彼の瞳に映る資格を誰かに譲るということは、人生を諦めることにも等しいように思えた。僕だけを映していた子鹿のような瞳で、アリオトは今、何を見ているのだろう。
僕にはそれを知る権利がない。これから先、何回春が来て、花が咲いても、僕の傍に彼はいない。一生暗い塔の中から、指を咥えて金色の庭を眺めているだけ。アリオトを諦めるということは、そういうことだった。
気が付くと、無意識に、足が駆け出していた。地上に辿り着き、天文塔の重たい扉を蹴破るように外に出る。
***************
数分後、小生は息を切らして、温室の前に立っていた。
「おや、領主様? こんなところで何を」
赤い羽飾りのついた帽子を揺らして、トーマがガラスの扉から出てきた。
「…………別に」
トーマの後ろにオトの影を探すが、どこにもない。
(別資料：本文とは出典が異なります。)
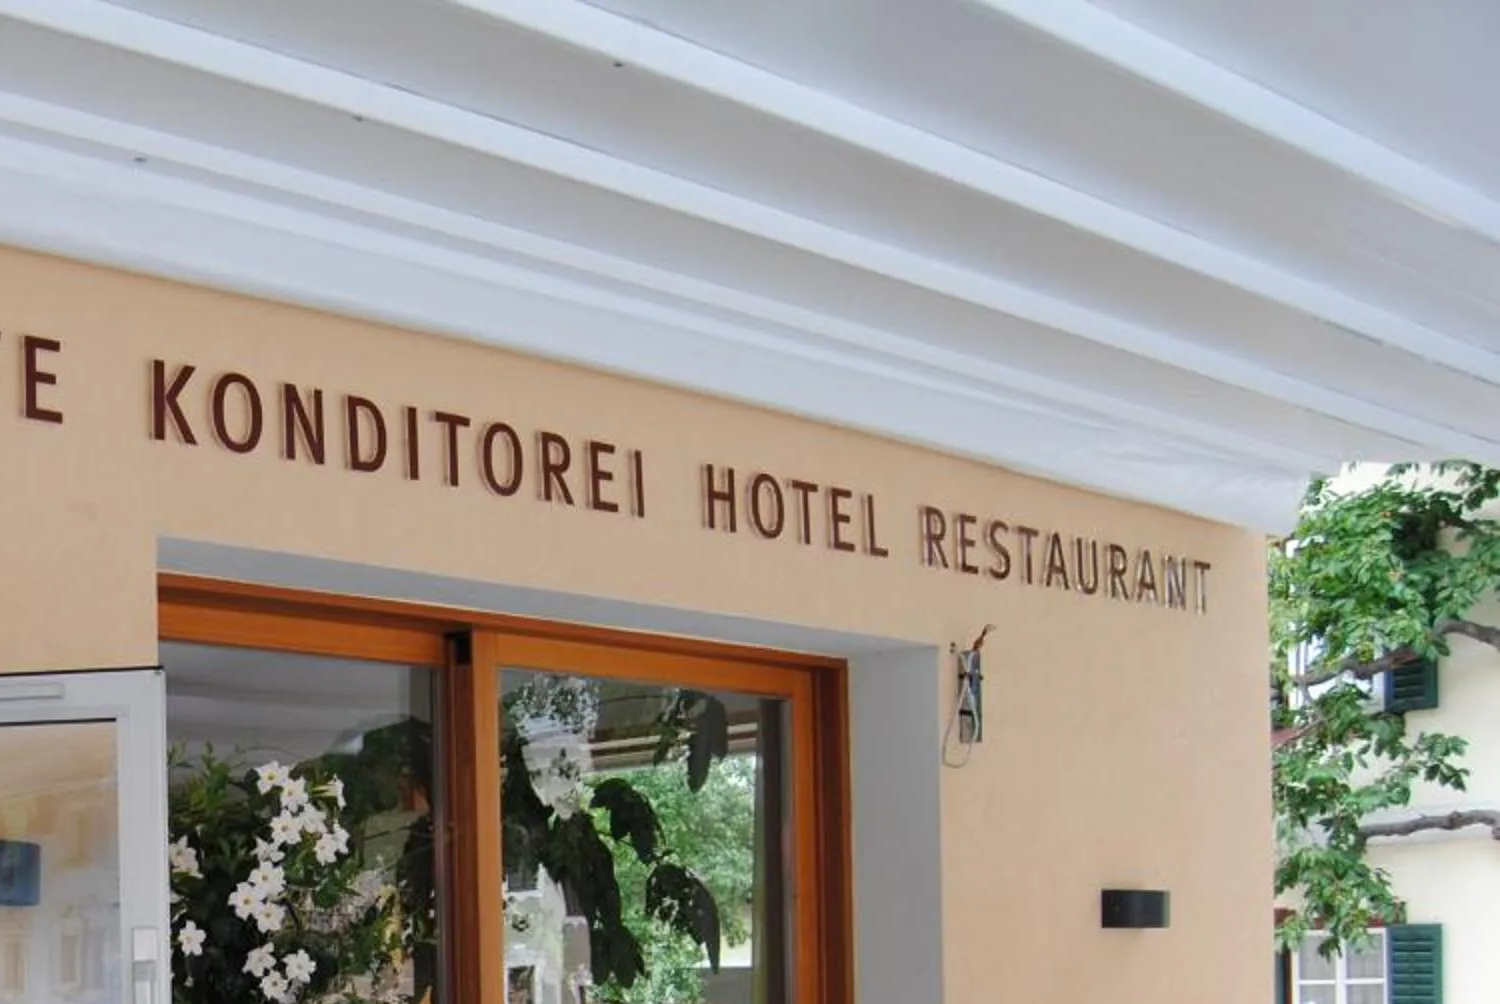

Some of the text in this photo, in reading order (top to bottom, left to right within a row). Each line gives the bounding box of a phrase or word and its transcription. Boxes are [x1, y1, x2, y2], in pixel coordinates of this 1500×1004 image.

[151, 358, 645, 518] KONDITOREI
[701, 462, 889, 558] HOTEL
[919, 505, 1212, 613] RESTAURANT
トーマは驚いたように小生に近づいてきた。
「うわ、何です。汗だくではないですか」
そういうとトーマはハンカチを取り出して小生の額の汗を拭おうとした。小生は無言でその手を払った。
「お前こそ……こんなところで……何をしてる」
「何って、これから出張に……」
トーマはきょとんとしていたが、やがてにやりと微笑むと、小生の肩を叩いた。
「なあるほど……」
「なんだよ」
「領主様ったら、わかっておられるじゃないですか……確かにここは、最高の場所です」
トーマのしたり顔に、小生は眉を顰める。
「中に居ますよ……」
オトのことだろう。不安と嫉妬で心臓が締め付けられる。まさかもう、彼に何かしたんじゃないだろうな?!
「しかしその汗はドン引きですな」
トーマはハンカチを押し付けてきた。小生が睨んでいるにも関わらず、なんだかわからないが、トーマはやけに嬉しそうなのだ。
「いいですね、つべこべいわずに……ですよ」
小生の耳元にそう囁くと、トーマは笑いながら去っていった。